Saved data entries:

--*--

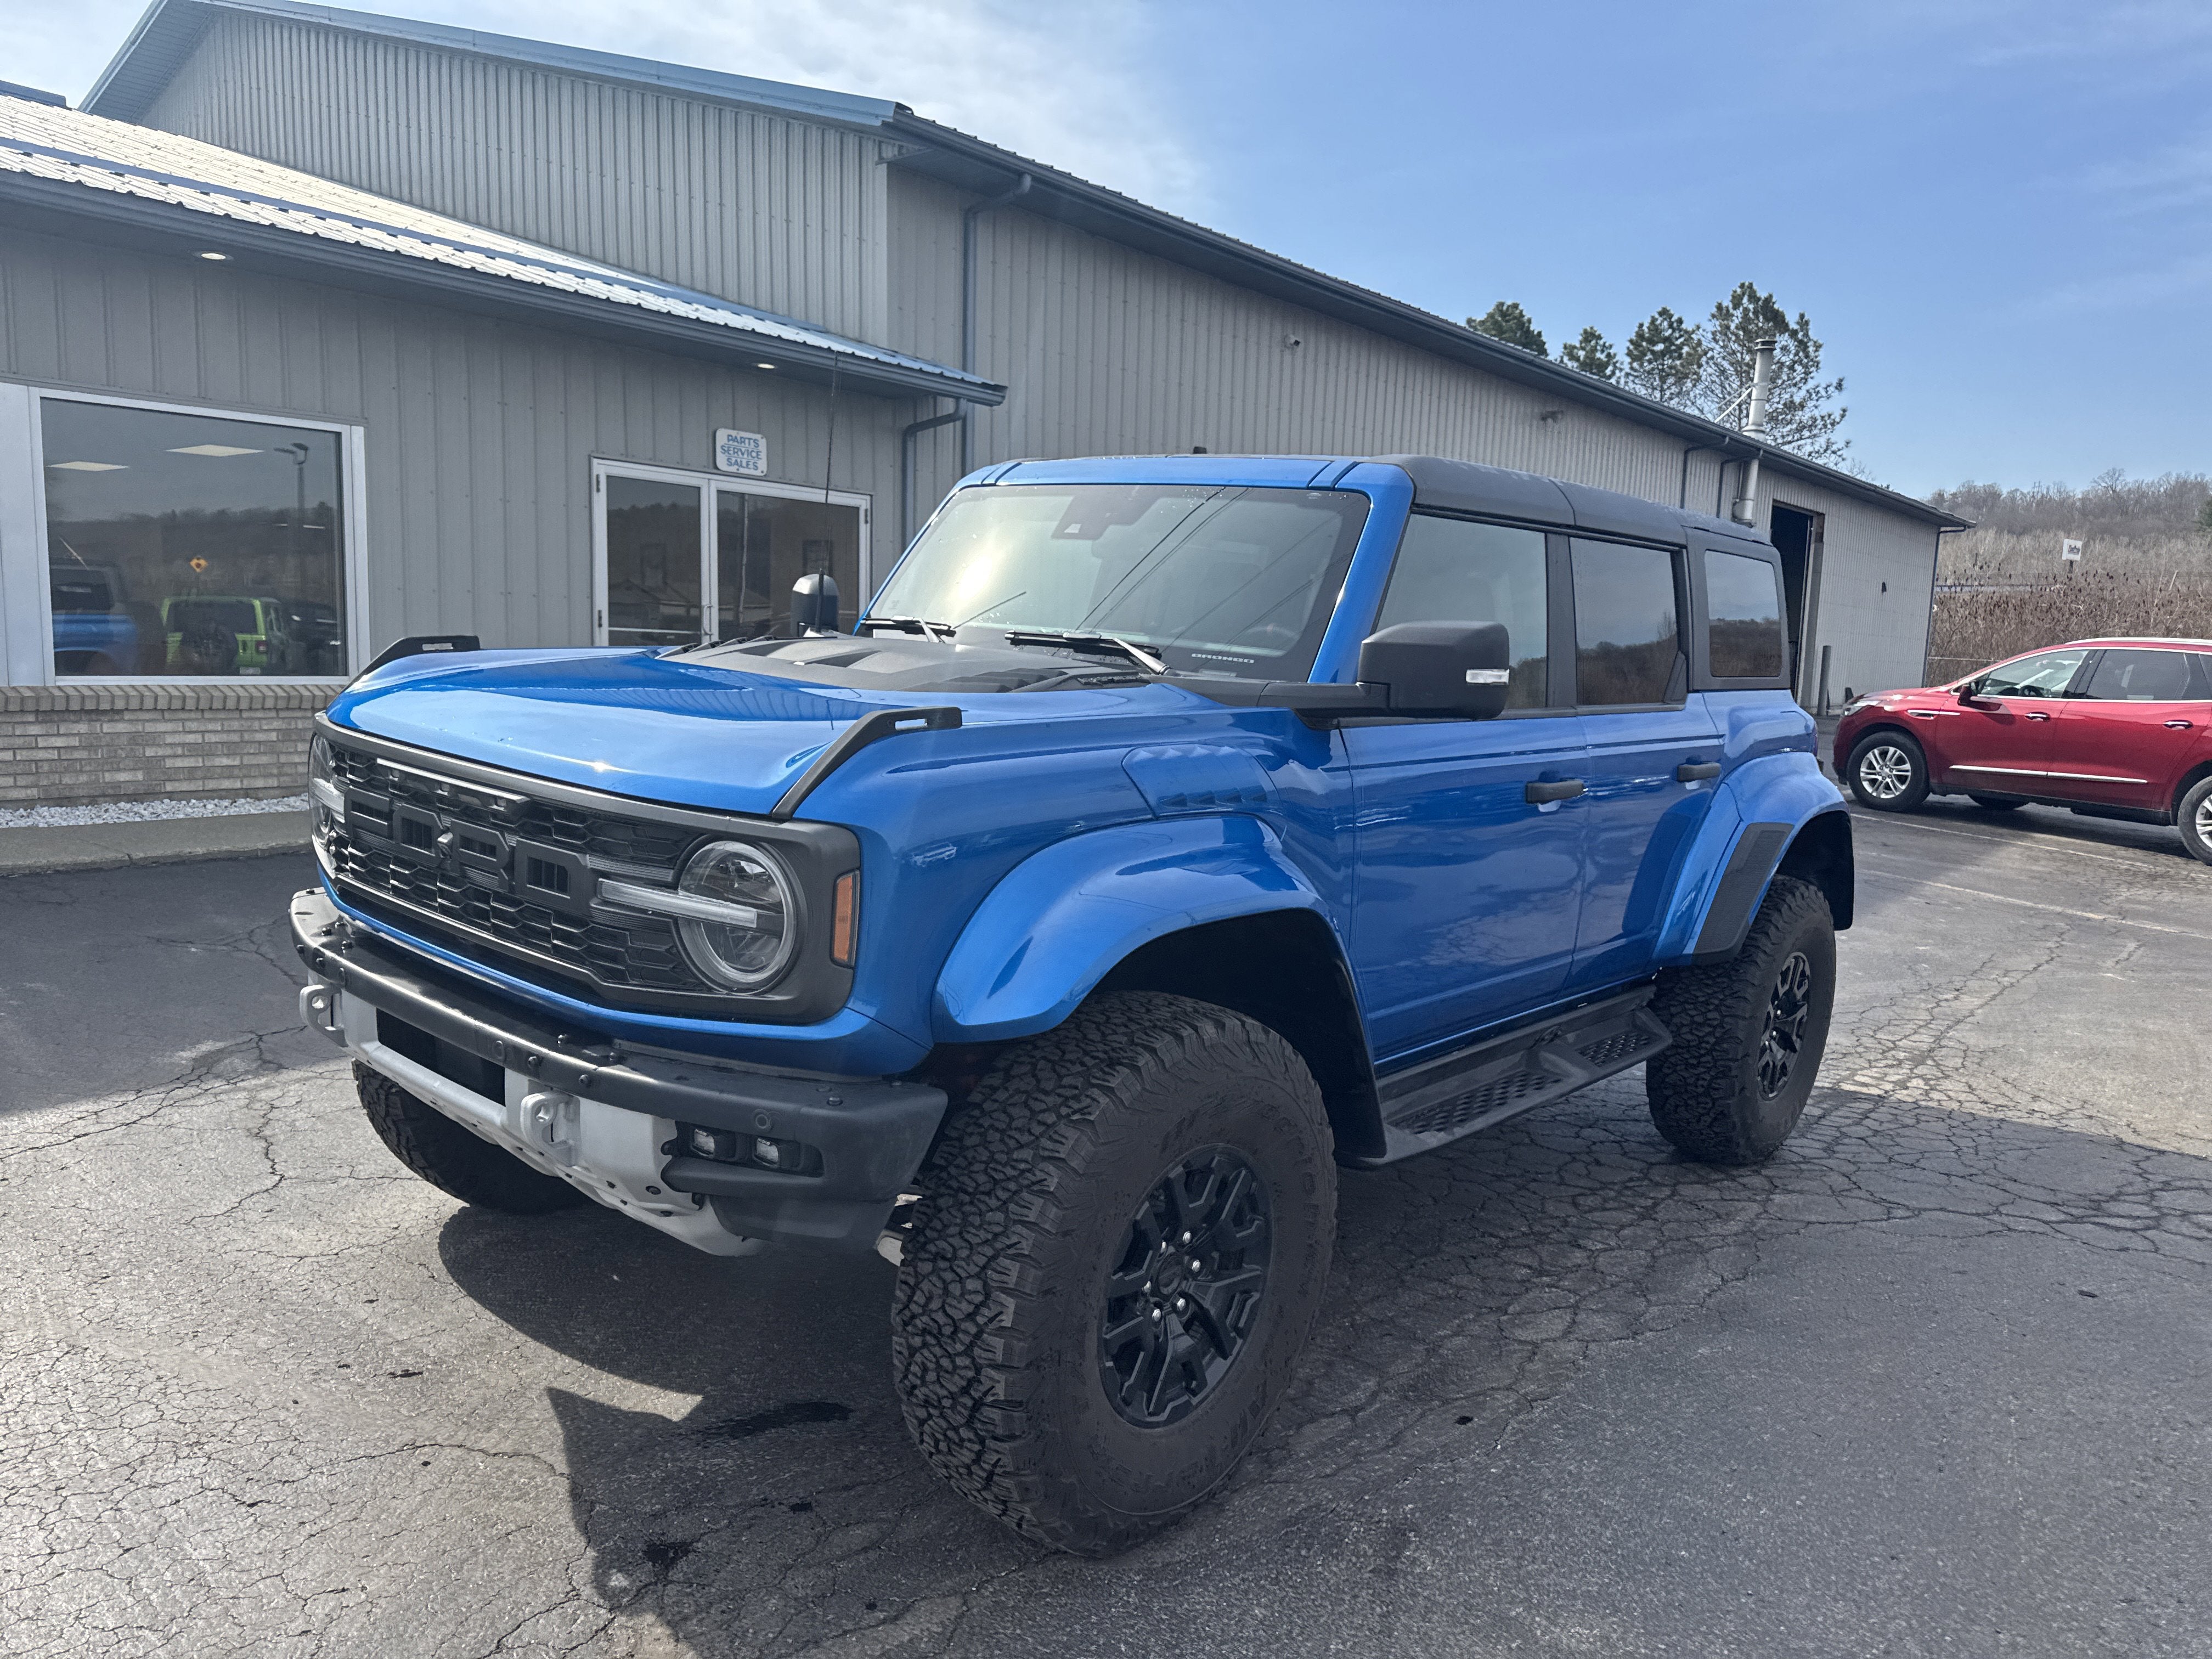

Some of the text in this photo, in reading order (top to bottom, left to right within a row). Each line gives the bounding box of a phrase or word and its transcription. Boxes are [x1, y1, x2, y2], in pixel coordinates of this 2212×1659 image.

[727, 435, 759, 448] PARTS
[721, 445, 762, 460] SERVICE
[727, 458, 758, 470] SALES
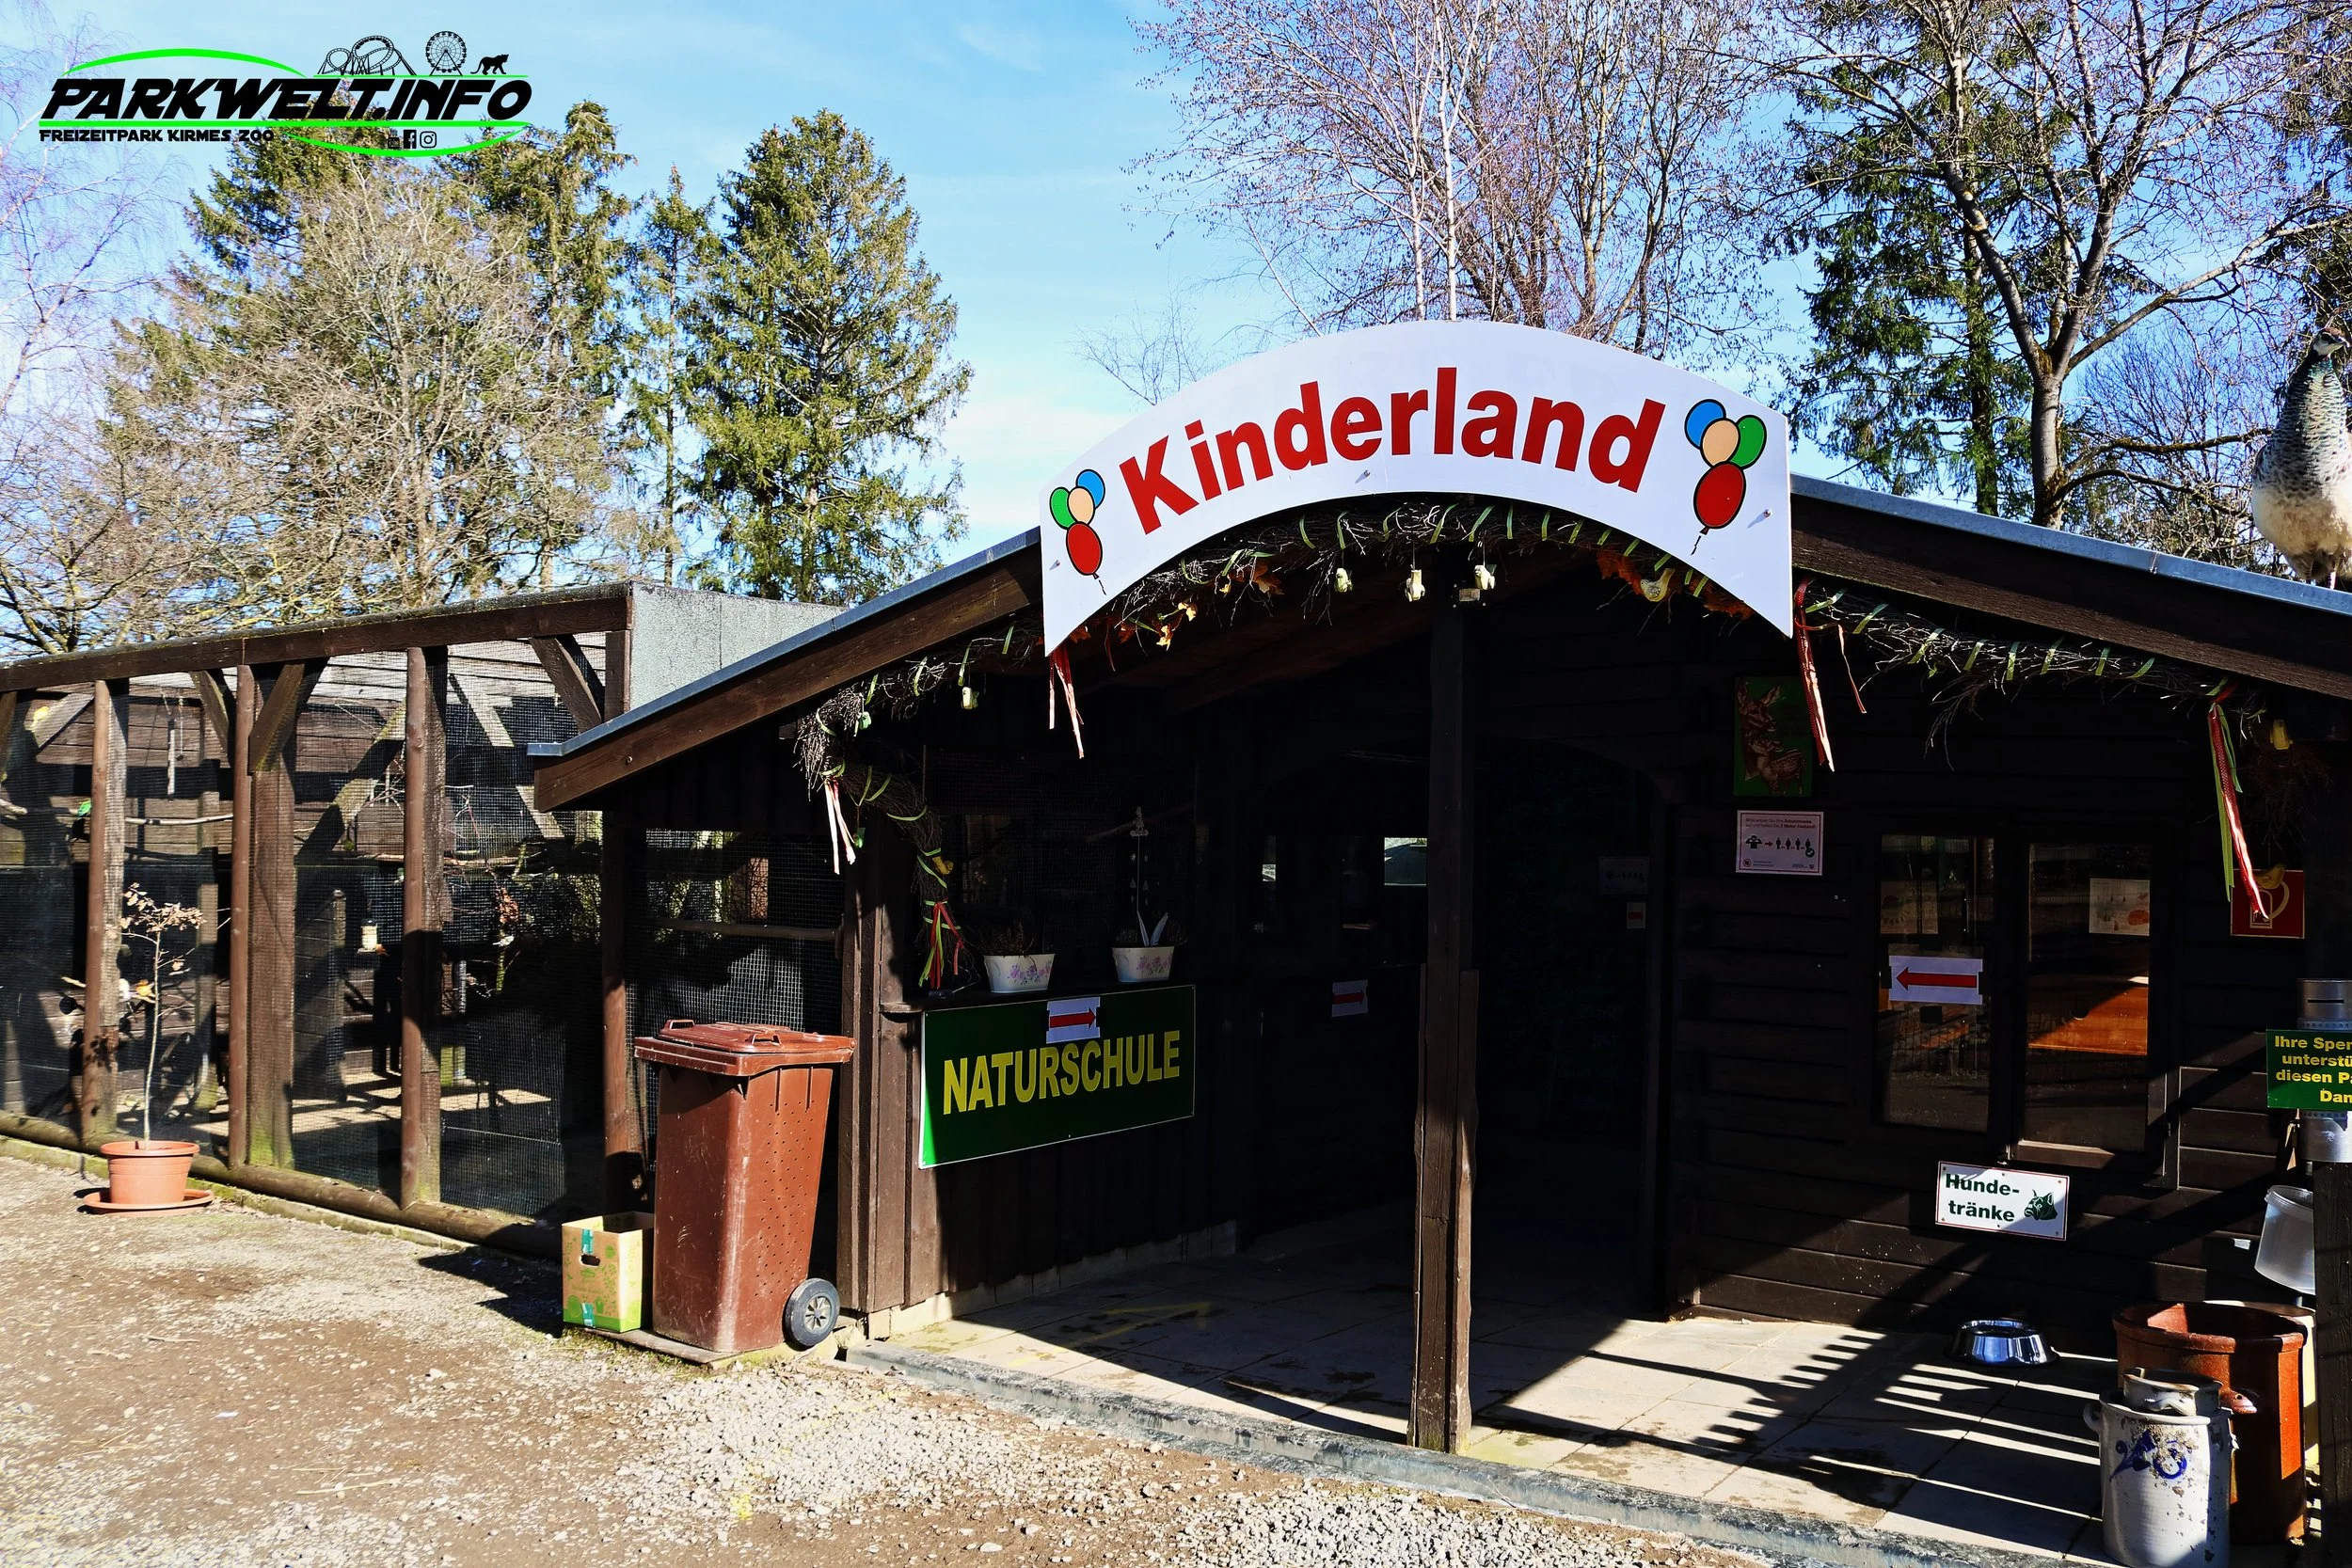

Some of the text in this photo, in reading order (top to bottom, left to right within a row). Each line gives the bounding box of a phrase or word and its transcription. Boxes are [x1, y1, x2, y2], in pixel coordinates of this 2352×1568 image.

[1119, 366, 1665, 535] Kinderland
[2275, 1036, 2308, 1048] Ihre
[943, 1030, 1181, 1116] NATURSCHULE
[2276, 1069, 2332, 1083] diesen
[2320, 1089, 2352, 1103] Dan
[1946, 1173, 2020, 1196] Hunde-
[1947, 1200, 2015, 1222] tränke

--*--

REQUIREMENT >>
Give the data again exactly as it stands, apart from the pictures.

REPLY TO THE EXERCISE >>
Some of the text in this photo, in reading order (top to bottom, left to right within a row). Each line gives the bounding box of a phrase or word and its transcription. Boxes are [x1, y1, x2, y2], in pixel coordinates of this 2212×1659 image.

[727, 435, 759, 448] PARTS
[721, 445, 762, 460] SERVICE
[727, 458, 758, 470] SALES

Some of the text in this photo, in reading order (top to bottom, left to right within a row). Each line gives the bounding box of a phrase or word and its transcription. Boxes are [x1, y1, x2, y2], in pixel coordinates of this 2352×1568 image.

[1119, 366, 1665, 535] Kinderland
[2275, 1036, 2308, 1048] Ihre
[943, 1030, 1181, 1116] NATURSCHULE
[2276, 1069, 2332, 1083] diesen
[2320, 1089, 2352, 1103] Dan
[1946, 1173, 2020, 1196] Hunde-
[1947, 1200, 2015, 1222] tränke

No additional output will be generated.